The task:
Please copy exactly the part of the records below that opens with the line containing "this 1409×1878 image." and closes with the line containing "this 1288×966 image.", leaving out any pictures.

[[ Information shown open ]]

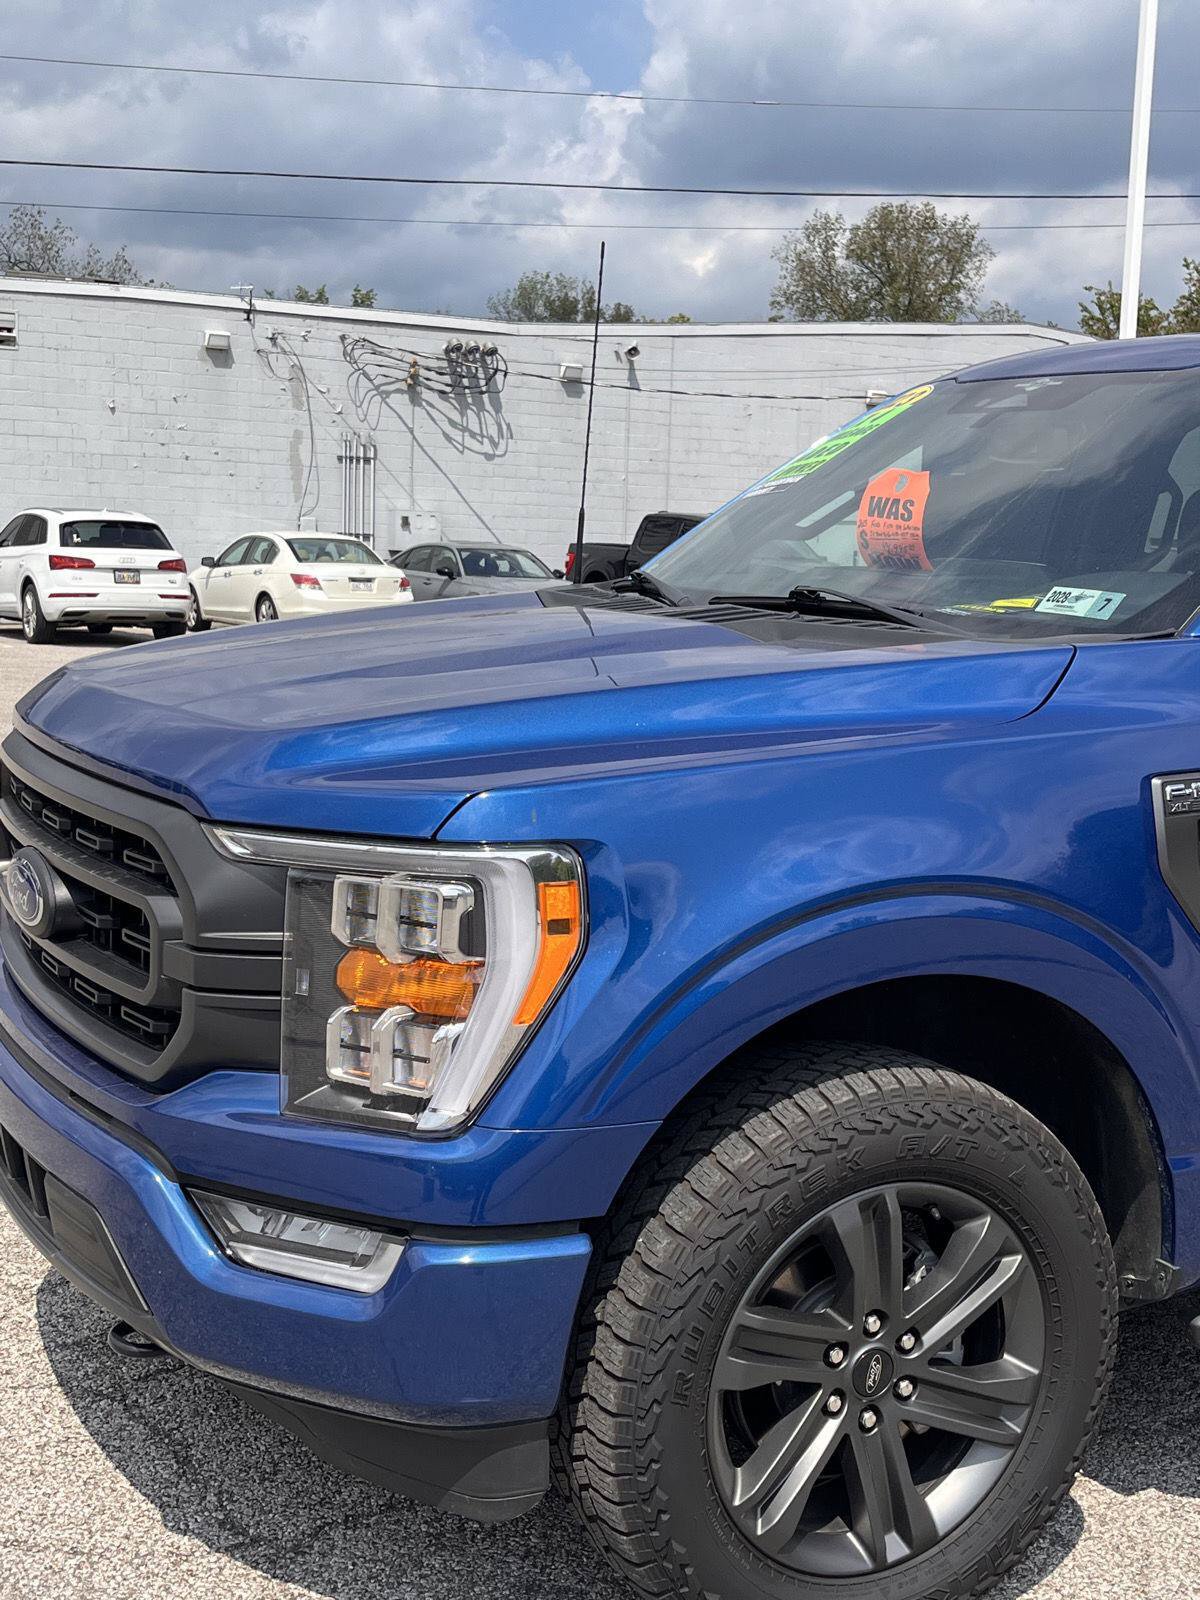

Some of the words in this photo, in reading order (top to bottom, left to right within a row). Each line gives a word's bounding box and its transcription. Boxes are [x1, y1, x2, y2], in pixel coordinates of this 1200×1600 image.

[[ Information shown closed ]]
[[ Information shown open ]]

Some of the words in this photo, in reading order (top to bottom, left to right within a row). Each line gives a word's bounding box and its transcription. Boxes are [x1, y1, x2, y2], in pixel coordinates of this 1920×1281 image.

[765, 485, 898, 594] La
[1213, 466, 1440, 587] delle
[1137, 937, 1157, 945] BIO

[[ Information shown closed ]]
[[ Information shown open ]]

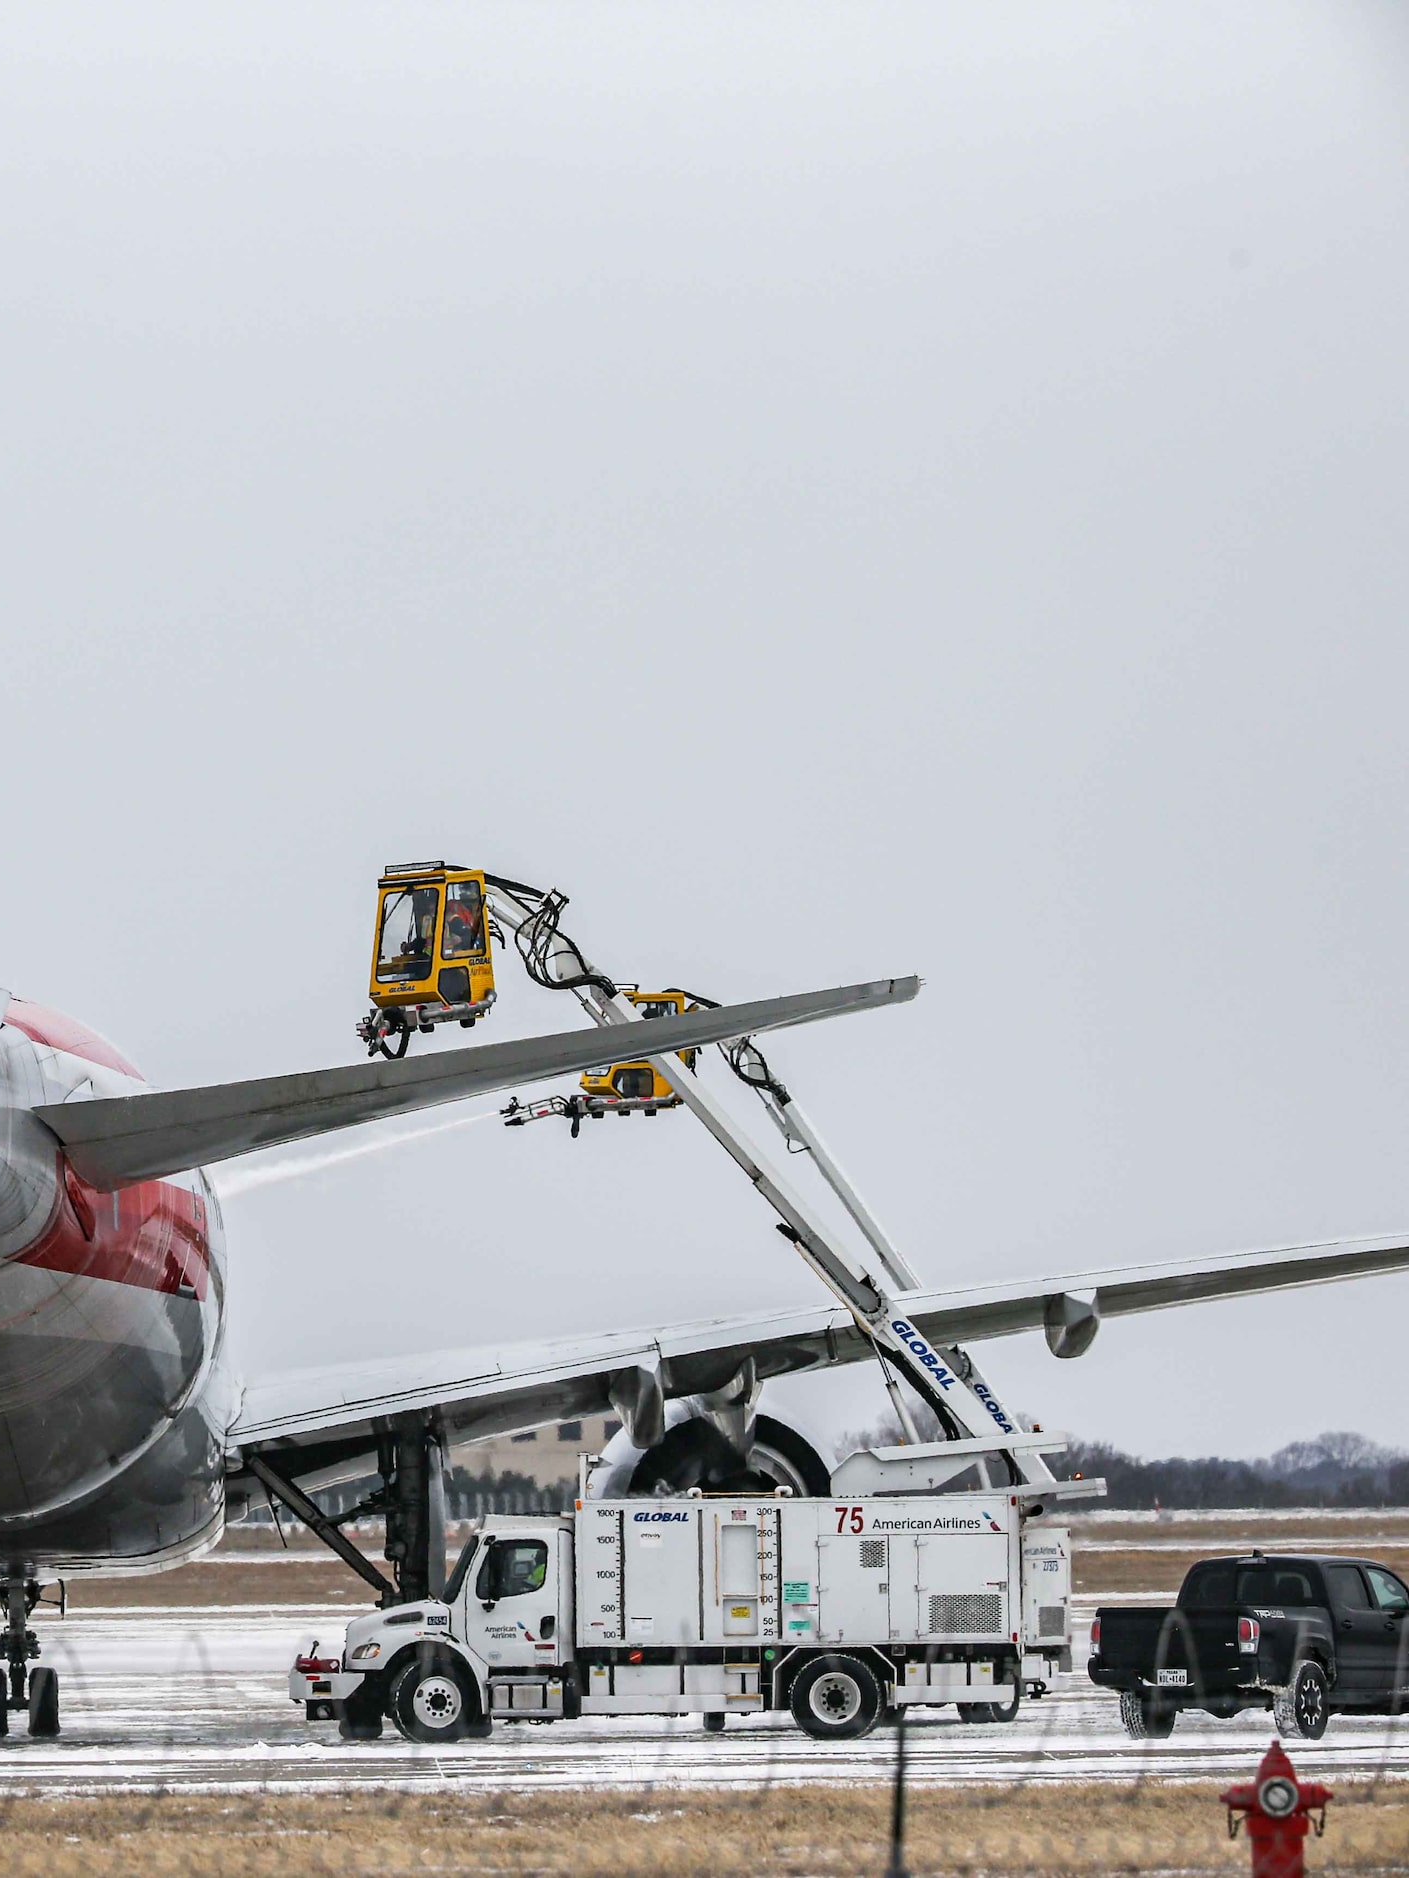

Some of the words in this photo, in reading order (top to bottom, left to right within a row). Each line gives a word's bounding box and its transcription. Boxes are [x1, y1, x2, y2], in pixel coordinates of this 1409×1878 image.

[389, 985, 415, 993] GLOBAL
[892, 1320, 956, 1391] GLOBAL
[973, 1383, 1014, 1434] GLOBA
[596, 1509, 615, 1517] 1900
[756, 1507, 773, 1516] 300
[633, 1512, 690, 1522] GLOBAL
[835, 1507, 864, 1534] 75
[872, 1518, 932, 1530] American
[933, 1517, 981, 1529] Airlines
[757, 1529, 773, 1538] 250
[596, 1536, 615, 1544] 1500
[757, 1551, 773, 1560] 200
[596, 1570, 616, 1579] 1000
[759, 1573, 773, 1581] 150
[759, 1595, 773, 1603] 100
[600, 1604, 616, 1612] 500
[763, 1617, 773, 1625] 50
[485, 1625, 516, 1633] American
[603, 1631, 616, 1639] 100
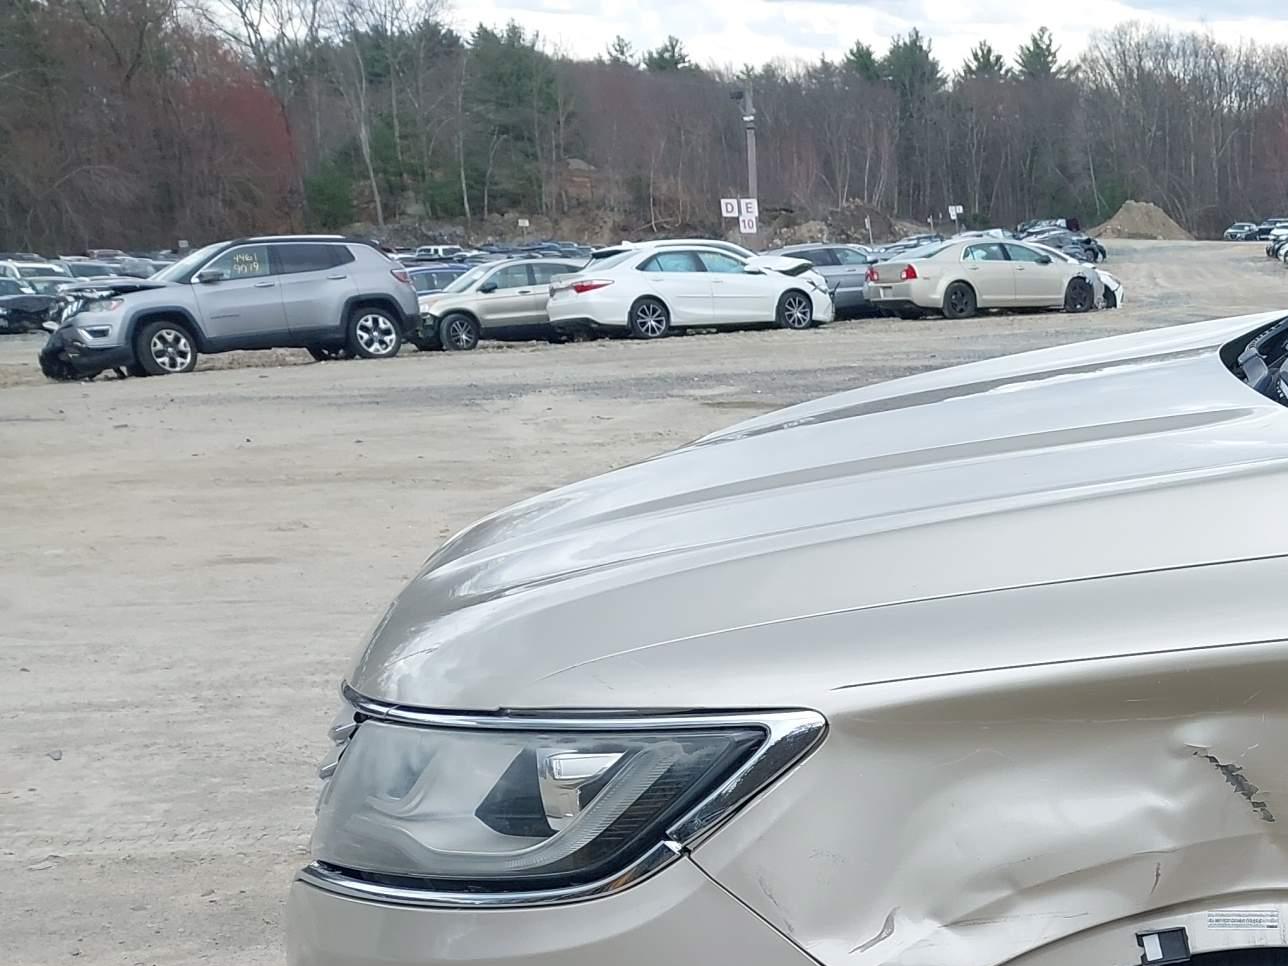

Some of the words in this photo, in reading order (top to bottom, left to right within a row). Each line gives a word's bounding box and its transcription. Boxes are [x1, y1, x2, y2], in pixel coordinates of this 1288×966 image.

[[ Information shown closed ]]

Exercise result:
Some of the words in this photo, in reading order (top to bottom, left to right within a row). Each line gives a word's bounding box and its transcription. Boxes are [x1, y1, x2, y2], in pixel coordinates of this 1409×1878 image.

[389, 985, 415, 993] GLOBAL
[892, 1320, 956, 1391] GLOBAL
[973, 1383, 1014, 1434] GLOBA
[596, 1509, 615, 1517] 1900
[756, 1507, 773, 1516] 300
[633, 1512, 690, 1522] GLOBAL
[835, 1507, 864, 1534] 75
[872, 1518, 932, 1530] American
[933, 1517, 981, 1529] Airlines
[757, 1529, 773, 1538] 250
[596, 1536, 615, 1544] 1500
[757, 1551, 773, 1560] 200
[596, 1570, 616, 1579] 1000
[759, 1573, 773, 1581] 150
[759, 1595, 773, 1603] 100
[600, 1604, 616, 1612] 500
[763, 1617, 773, 1625] 50
[485, 1625, 516, 1633] American
[603, 1631, 616, 1639] 100

Some of the words in this photo, in reading order (top to bottom, left to right within a row). Each line gives a word's bounding box and its transcription. Boxes are [x1, y1, x2, y2], in pixel coordinates of this 1288×966 image.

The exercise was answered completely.